Tannic acid is a promising direct inhibitor of M^pro. A. Screening of previously identified bioactive compounds in fruits that were effective in inhibiting M^pro of SARS-CoV-2. 50 μM bioactive compounds were pre-incubated with 1 μM of SARS-CoV-2 M^pro for 30 min at room temperature. The fluorescent substrates (20 μM) were then added to initiate the reaction. The first 15 min of the reaction was used to calculate initial velocity (V₀) and then normalized to control. Tannic acid was dissolved in water, other compounds were dissolved in DMSO. Both water and DMSO were used as negative control as indicated. Data are shown as mean ± SEM from experiments performed in triplicate. Statistical significance was calculated using Student t-test, *P < 0.05, **P < 0.01. B. Inhibition of peptide cleavage activity of SARS-CoV-2 M^pro by tannic acid. M, marker. Lane 1, the fluorescent substrate (CFP-TSAVLQSGFRKM-YFP, 57.5 kDa) only. Lane 2, SARS-CoV-2 M^pro was incubated with the fluorescent substrate at 30°C for 1 hour.
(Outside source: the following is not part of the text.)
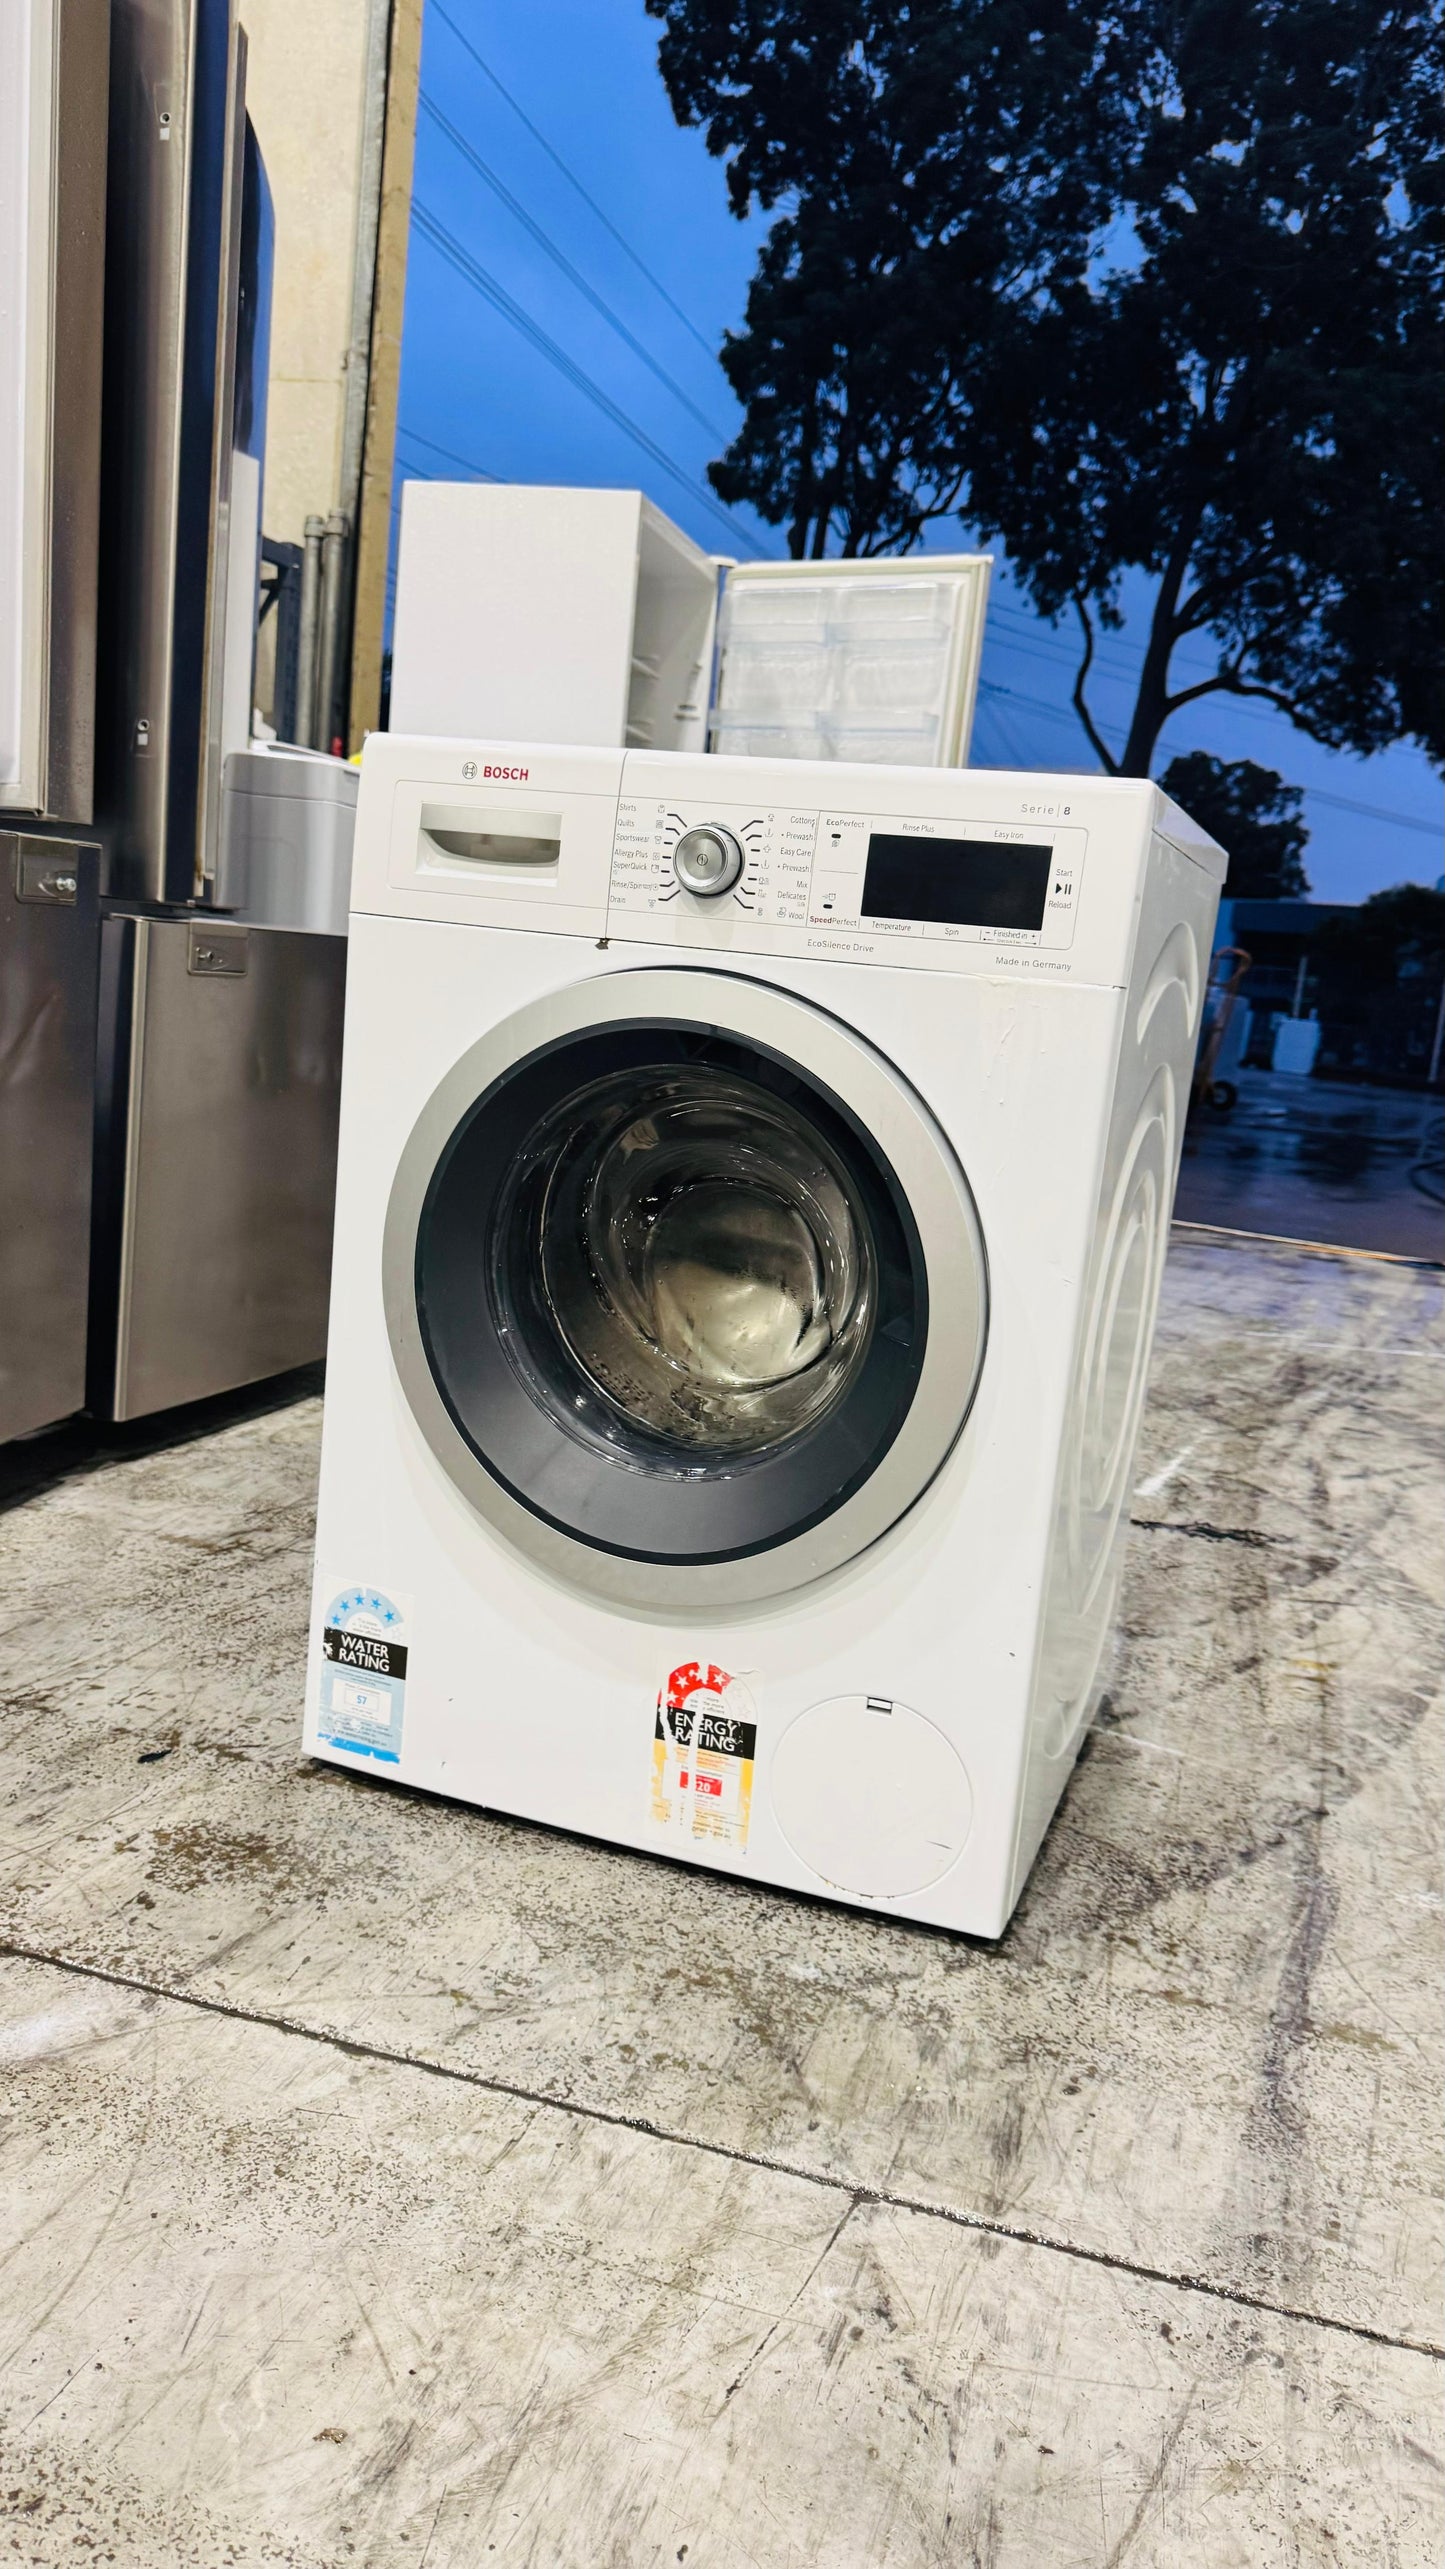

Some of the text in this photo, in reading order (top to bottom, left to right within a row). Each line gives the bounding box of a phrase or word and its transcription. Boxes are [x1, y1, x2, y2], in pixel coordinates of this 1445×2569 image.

Two separate bands correspond to CFP-TSAVLQ (30 kDa) and SGFRKM-YFP (27.5 kDa) were detected. Lane 3, SARS-CoV-2 M^pro was incubated with the fluorescent substrate plus 50 μM tannic acid at 30°C for 1 hour. The fluorescent substrate remains uncleaved. C. Dose-effect course of tannic acid in inhibiting SARS-CoV-2 M^pro. The IC₅₀ was calculated by plotting the initial velocity against different concentrations of tannic acid as shown by a dose-response curve generated with the Prism 8 software.